Assignment — Go through the entries below and retype them exactly, omitting each picture.

[Records contained in a dataset]
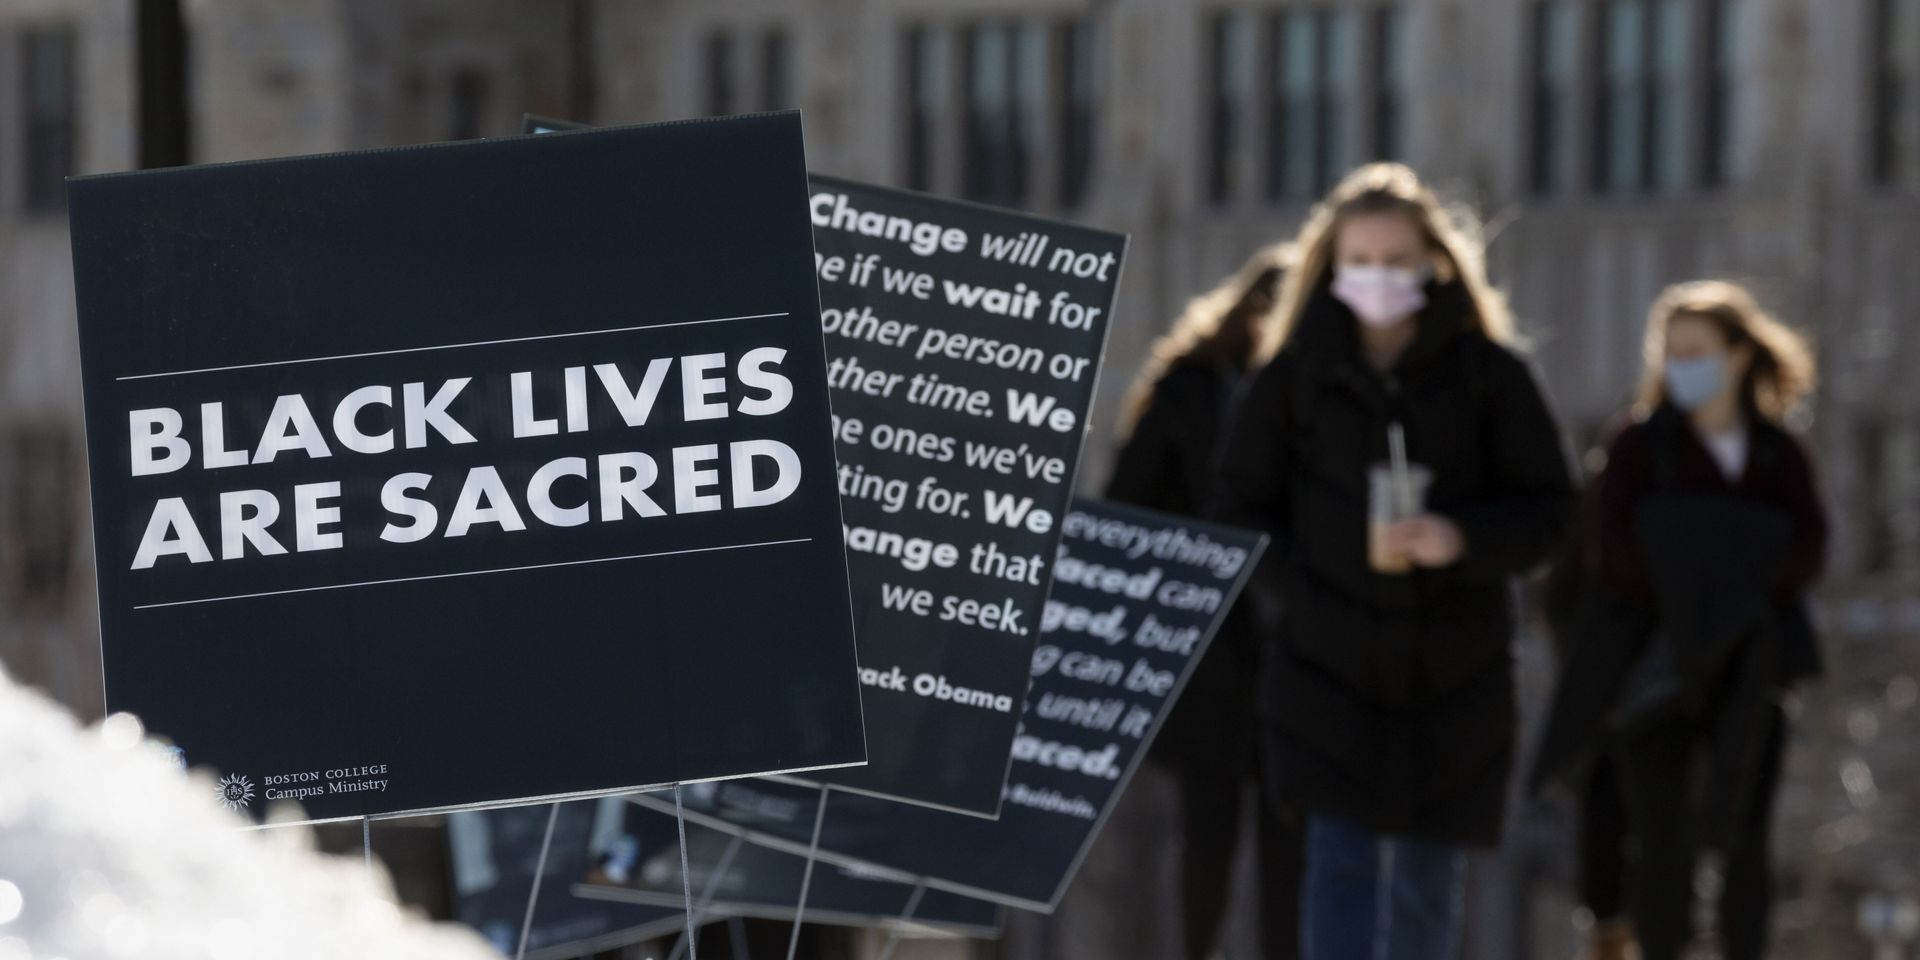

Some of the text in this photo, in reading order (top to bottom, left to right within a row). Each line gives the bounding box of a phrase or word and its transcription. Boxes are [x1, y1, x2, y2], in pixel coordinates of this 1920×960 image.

[809, 193, 1116, 281] Change will not
[849, 253, 881, 287] if
[882, 266, 935, 299] we
[943, 279, 1041, 320] wait
[1048, 291, 1101, 331] for
[822, 306, 1090, 382] other person or
[129, 347, 794, 476] BLACK LIVES
[906, 373, 994, 418] time.
[1005, 388, 1076, 432] We
[870, 424, 956, 462] ones
[964, 440, 1066, 484] we've
[131, 439, 802, 570] ARE SACRED
[836, 460, 1053, 534] ting for. We
[843, 523, 1045, 586] ange that
[1062, 511, 1246, 580] everything
[1054, 543, 1223, 615] aced can
[881, 582, 1028, 637] we seek.
[1133, 614, 1201, 656] but
[912, 673, 1013, 713] Obama
[1058, 651, 1125, 686] can
[1124, 658, 1175, 696] be
[1036, 691, 1126, 731] until
[1118, 704, 1152, 739] it
[264, 764, 388, 786] BOSTON COLLEGE
[1012, 735, 1121, 780] aced.
[265, 779, 388, 801] Campus Ministry
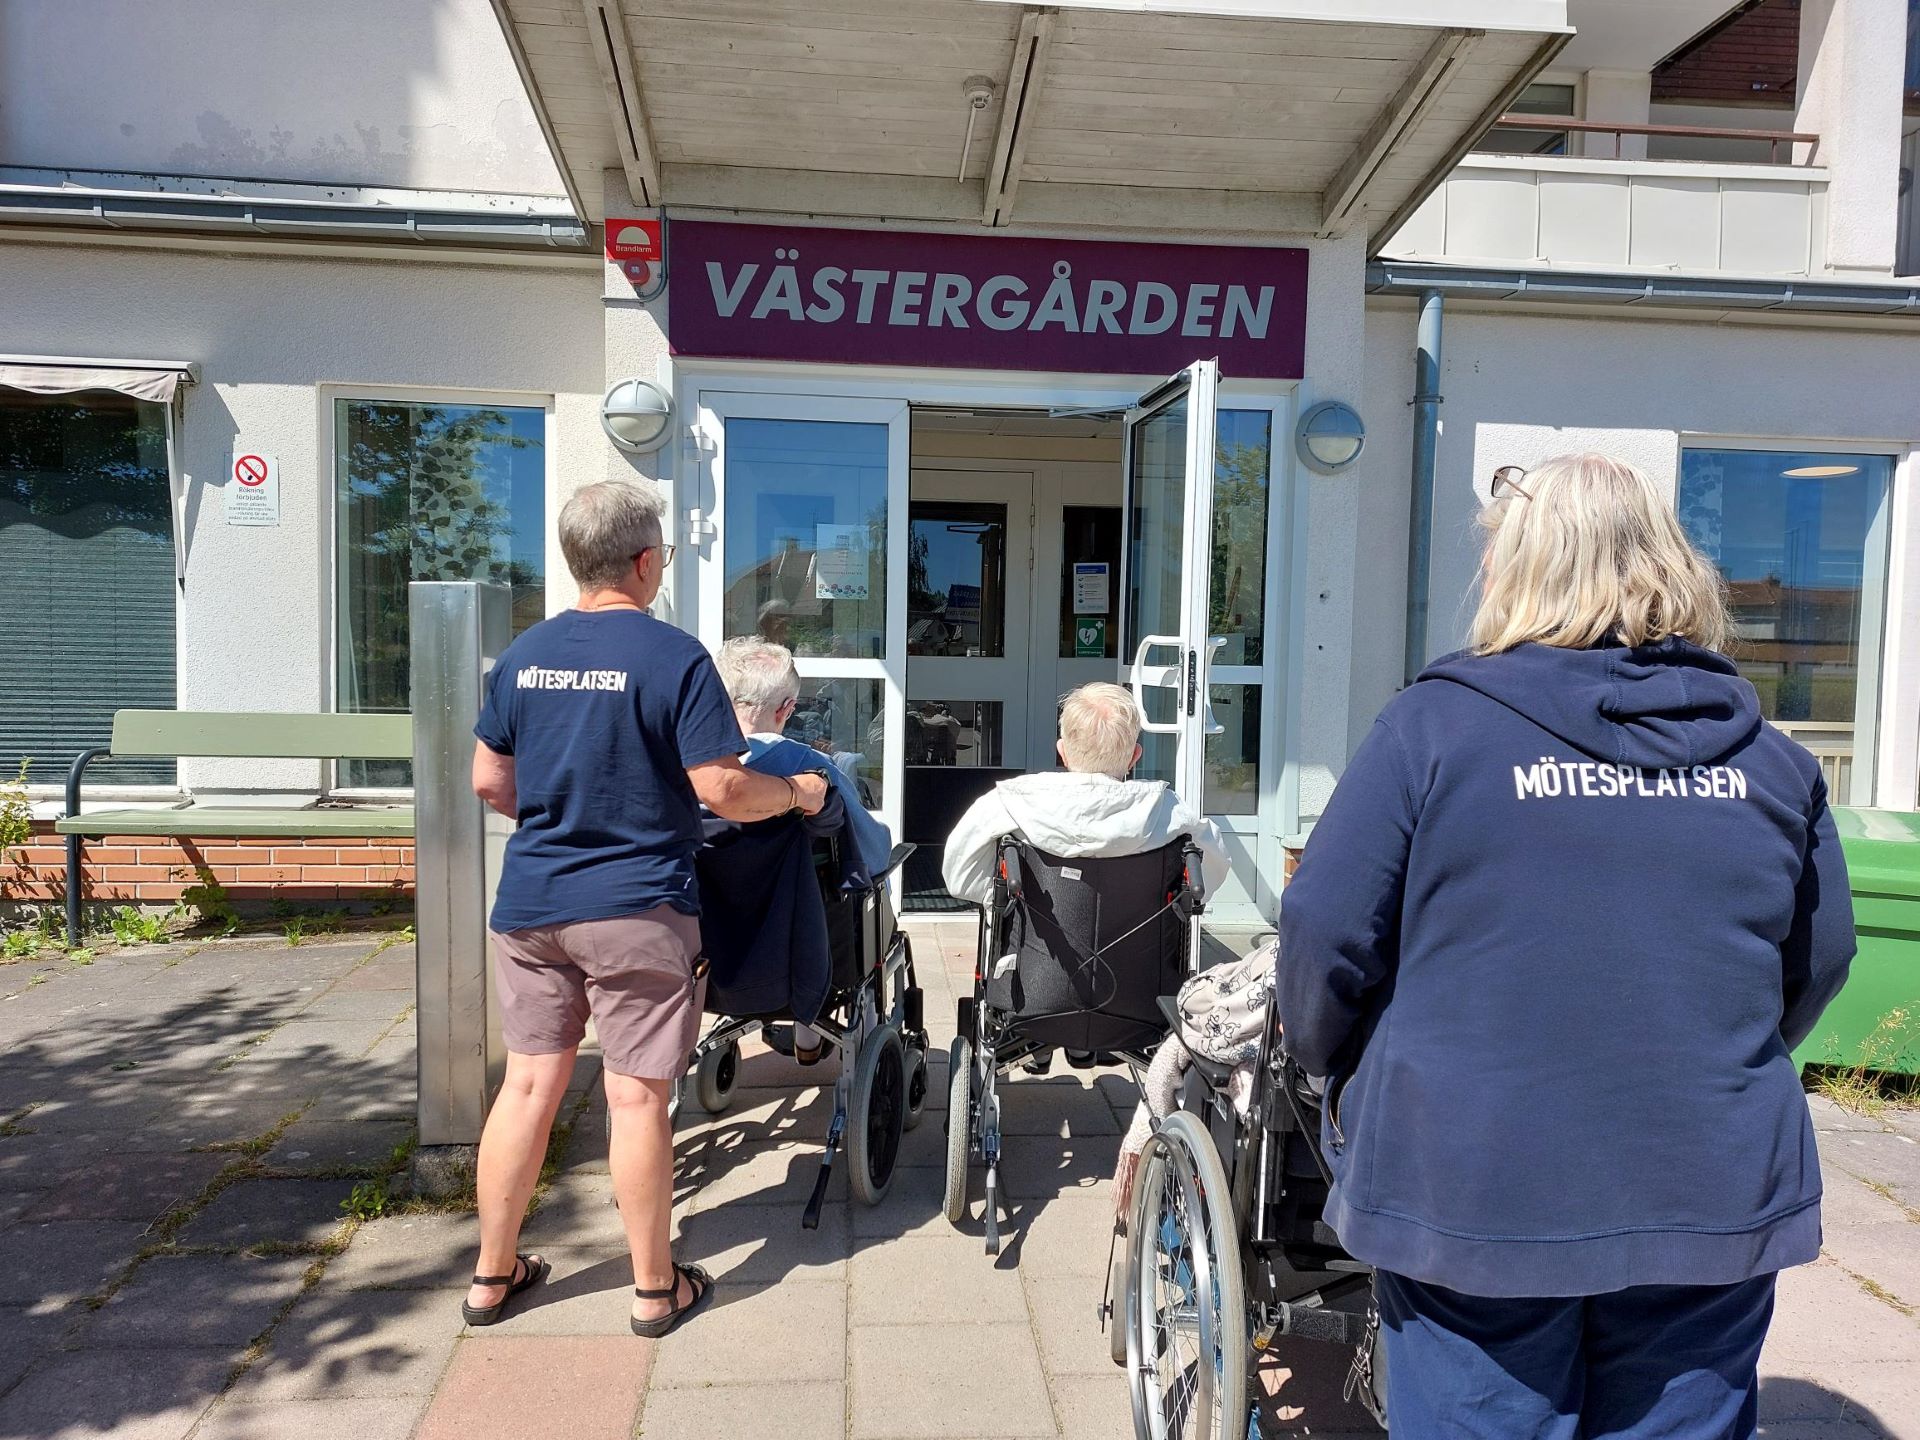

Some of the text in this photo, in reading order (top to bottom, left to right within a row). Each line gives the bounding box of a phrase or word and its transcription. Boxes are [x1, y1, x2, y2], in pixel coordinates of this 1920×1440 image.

[615, 245, 652, 253] Brandlarm
[705, 247, 1276, 340] VÄSTERGÅRDEN
[238, 486, 265, 494] Rökning
[516, 665, 628, 692] MÖTESPLATSEN
[1513, 756, 1747, 800] MÖTESPLATSEN
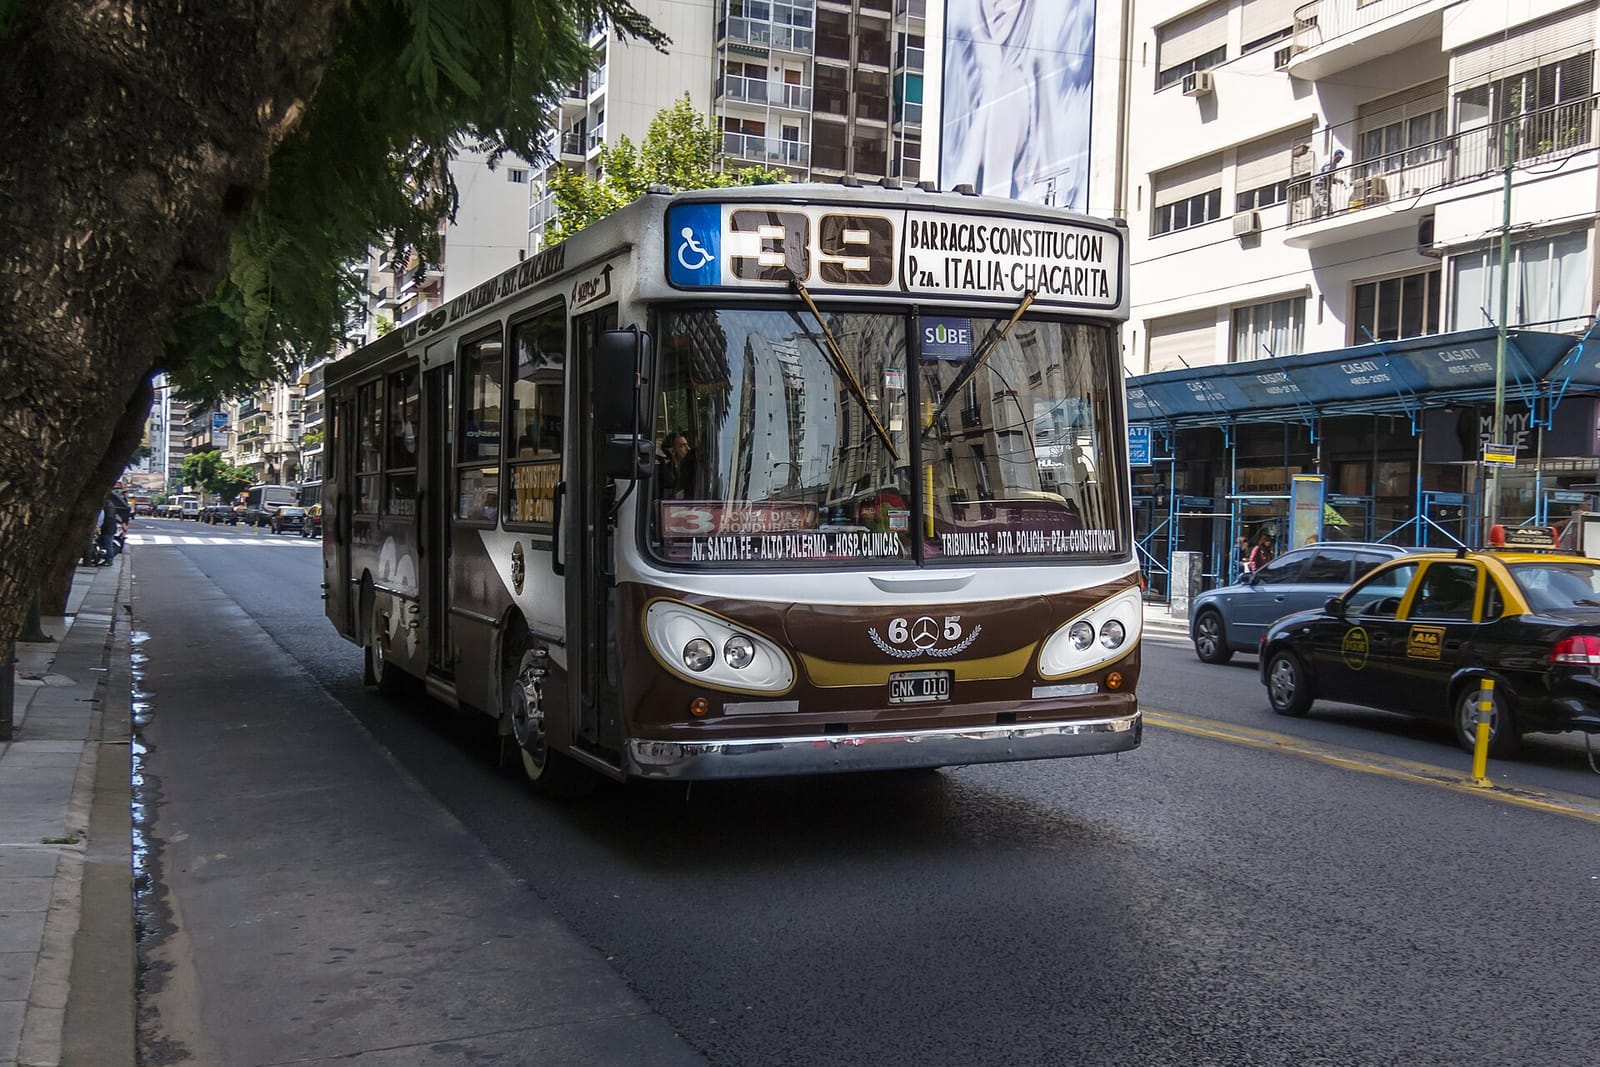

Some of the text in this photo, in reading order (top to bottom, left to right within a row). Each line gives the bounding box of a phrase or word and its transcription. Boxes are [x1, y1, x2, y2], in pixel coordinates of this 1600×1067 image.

Solution for this exercise —
Some of the text in this photo, in reading order (top to bottom, left to right within a row). Each line gives the bounding box of a phrase or word and its transcription. Boxes are [x1, y1, x2, y2], in pixel coordinates of this 1920×960 image.

[809, 193, 1116, 281] Change will not
[849, 253, 881, 287] if
[882, 266, 935, 299] we
[943, 279, 1041, 320] wait
[1048, 291, 1101, 331] for
[822, 306, 1090, 382] other person or
[129, 347, 794, 476] BLACK LIVES
[906, 373, 994, 418] time.
[1005, 388, 1076, 432] We
[870, 424, 956, 462] ones
[964, 440, 1066, 484] we've
[131, 439, 802, 570] ARE SACRED
[836, 460, 1053, 534] ting for. We
[843, 523, 1045, 586] ange that
[1062, 511, 1246, 580] everything
[1054, 543, 1223, 615] aced can
[881, 582, 1028, 637] we seek.
[1133, 614, 1201, 656] but
[912, 673, 1013, 713] Obama
[1058, 651, 1125, 686] can
[1124, 658, 1175, 696] be
[1036, 691, 1126, 731] until
[1118, 704, 1152, 739] it
[264, 764, 388, 786] BOSTON COLLEGE
[1012, 735, 1121, 780] aced.
[265, 779, 388, 801] Campus Ministry

Some of the text in this photo, in reading order (top to bottom, left to right within a row). Each line gives the bounding box of a phrase or word and its transcription. Boxes are [x1, y1, x2, y2], in pixel coordinates of this 1920×1440 image.

[615, 245, 652, 253] Brandlarm
[705, 247, 1276, 340] VÄSTERGÅRDEN
[238, 486, 265, 494] Rökning
[516, 665, 628, 692] MÖTESPLATSEN
[1513, 756, 1747, 800] MÖTESPLATSEN

Some of the text in this photo, in reading order (top to bottom, left to right within a row). Each line gives the bounding box of a phrase or word and its transcription. Boxes are [x1, y1, x2, y2], in pixel coordinates of this 1600×1067 image.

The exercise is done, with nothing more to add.